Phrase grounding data
******
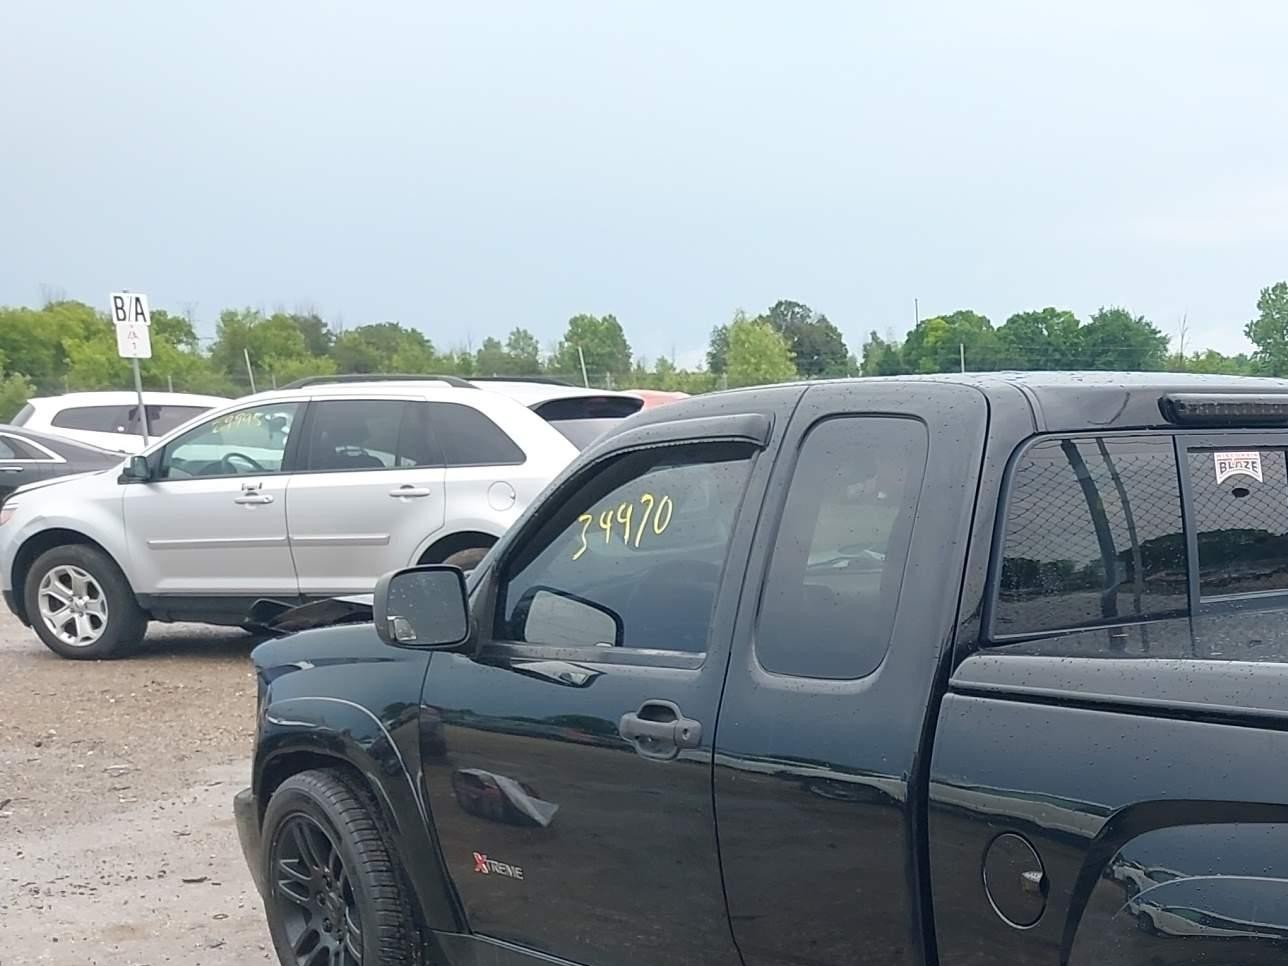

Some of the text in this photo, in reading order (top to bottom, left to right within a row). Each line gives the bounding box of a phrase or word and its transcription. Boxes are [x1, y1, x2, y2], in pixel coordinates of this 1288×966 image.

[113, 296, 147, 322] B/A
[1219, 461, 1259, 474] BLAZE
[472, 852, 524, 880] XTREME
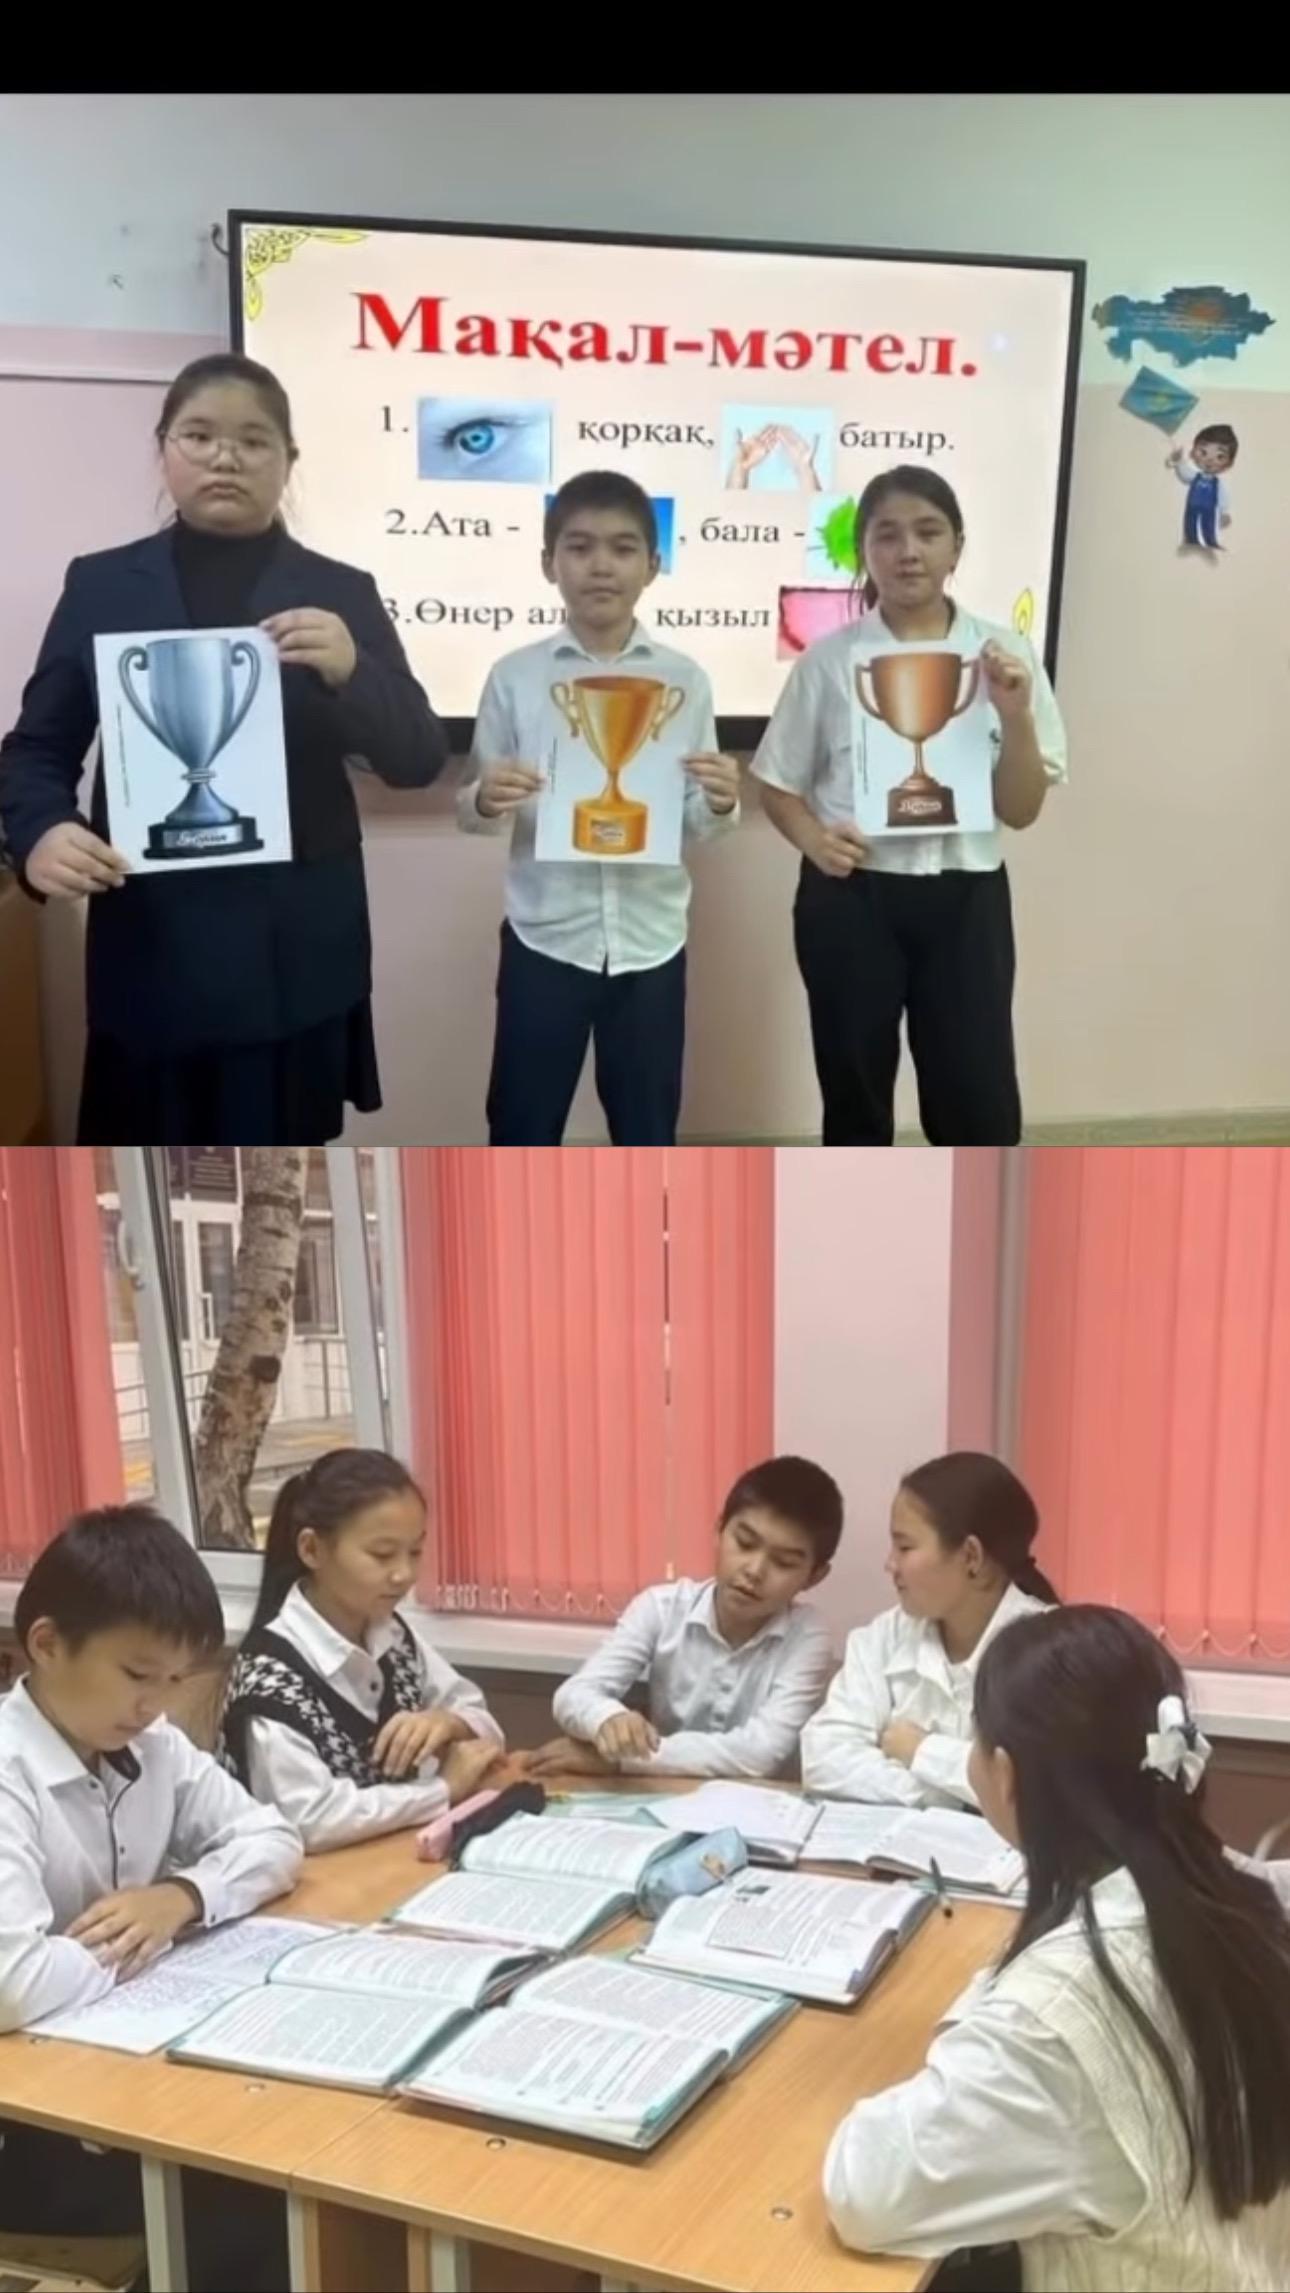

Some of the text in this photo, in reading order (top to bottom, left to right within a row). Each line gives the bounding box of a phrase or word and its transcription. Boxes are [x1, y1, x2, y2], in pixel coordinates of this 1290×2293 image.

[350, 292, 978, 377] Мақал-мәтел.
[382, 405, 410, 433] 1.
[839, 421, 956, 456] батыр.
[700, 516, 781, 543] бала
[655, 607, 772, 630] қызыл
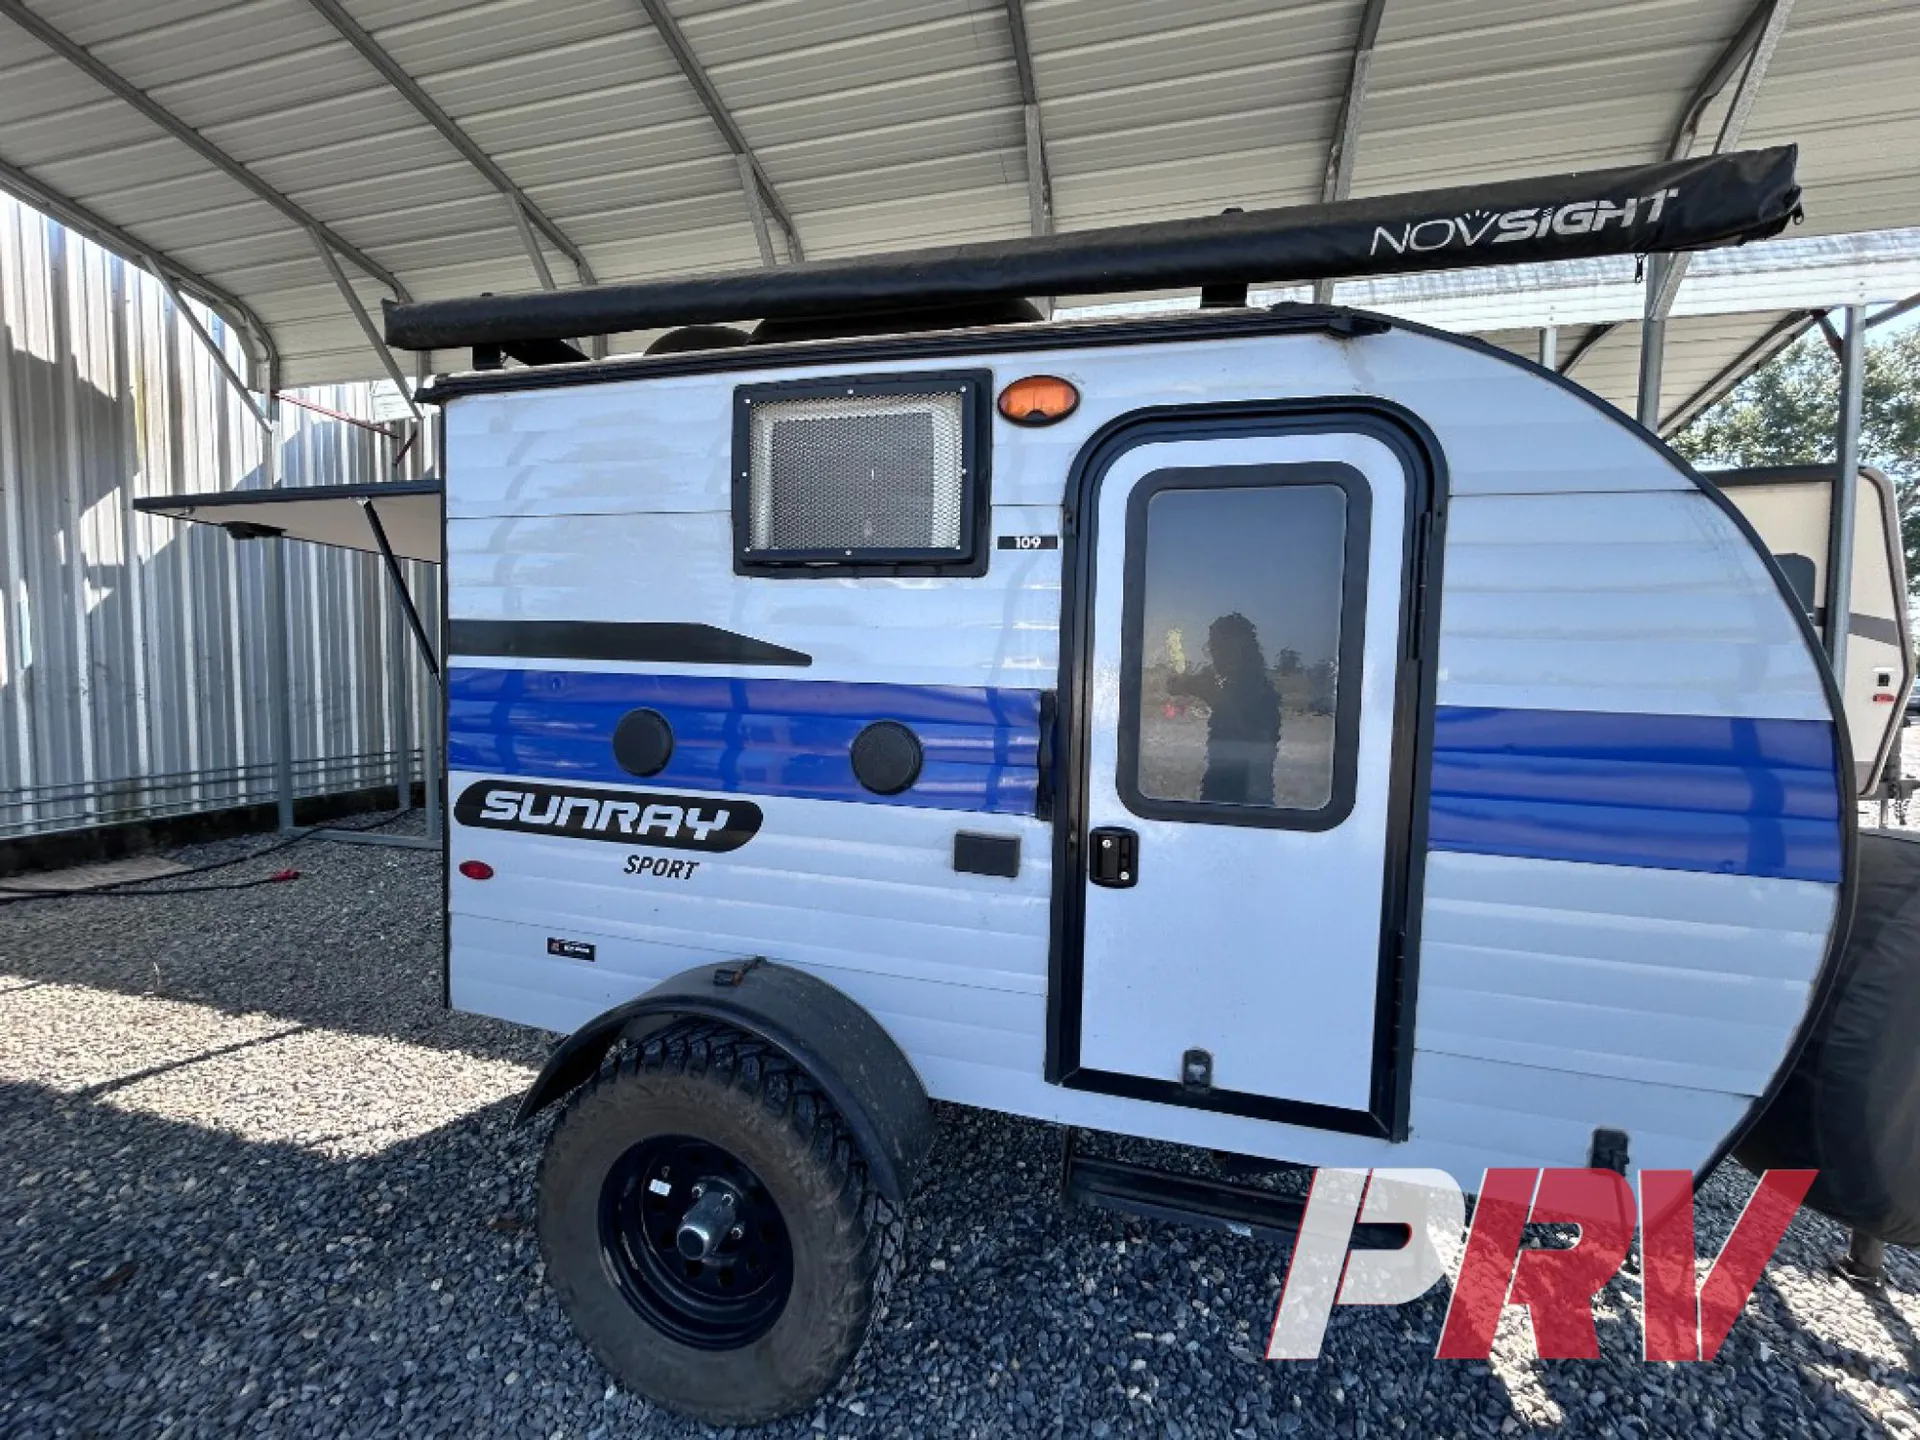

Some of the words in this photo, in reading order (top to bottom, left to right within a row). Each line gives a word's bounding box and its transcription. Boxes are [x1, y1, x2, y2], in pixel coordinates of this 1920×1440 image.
******
#### Problem description:
An exact, picture-free copy of the entries is required.

#### Completed exercise:
Some of the text in this photo, in reading order (top to bottom, left to right within a row). Each line gives the bounding box of a phrase or word and its transcription. Boxes are [x1, y1, x2, y2], in pixel coordinates of this 1288×966 image.

[113, 296, 147, 322] B/A
[1219, 461, 1259, 474] BLAZE
[472, 852, 524, 880] XTREME

Some of the text in this photo, in reading order (top to bottom, left to right within a row). Each line gives the bounding box of a phrase or word and its transcription. Boxes are [x1, y1, x2, y2], in pixel coordinates of this 1290×2293 image.

[350, 292, 978, 377] Мақал-мәтел.
[382, 405, 410, 433] 1.
[839, 421, 956, 456] батыр.
[700, 516, 781, 543] бала
[655, 607, 772, 630] қызыл

Some of the words in this photo, in reading order (top to bottom, left to right within a row). Each line gives a word's bounding box and its transcription. Boxes are [x1, y1, x2, y2], in pixel coordinates of this 1920×1440 image.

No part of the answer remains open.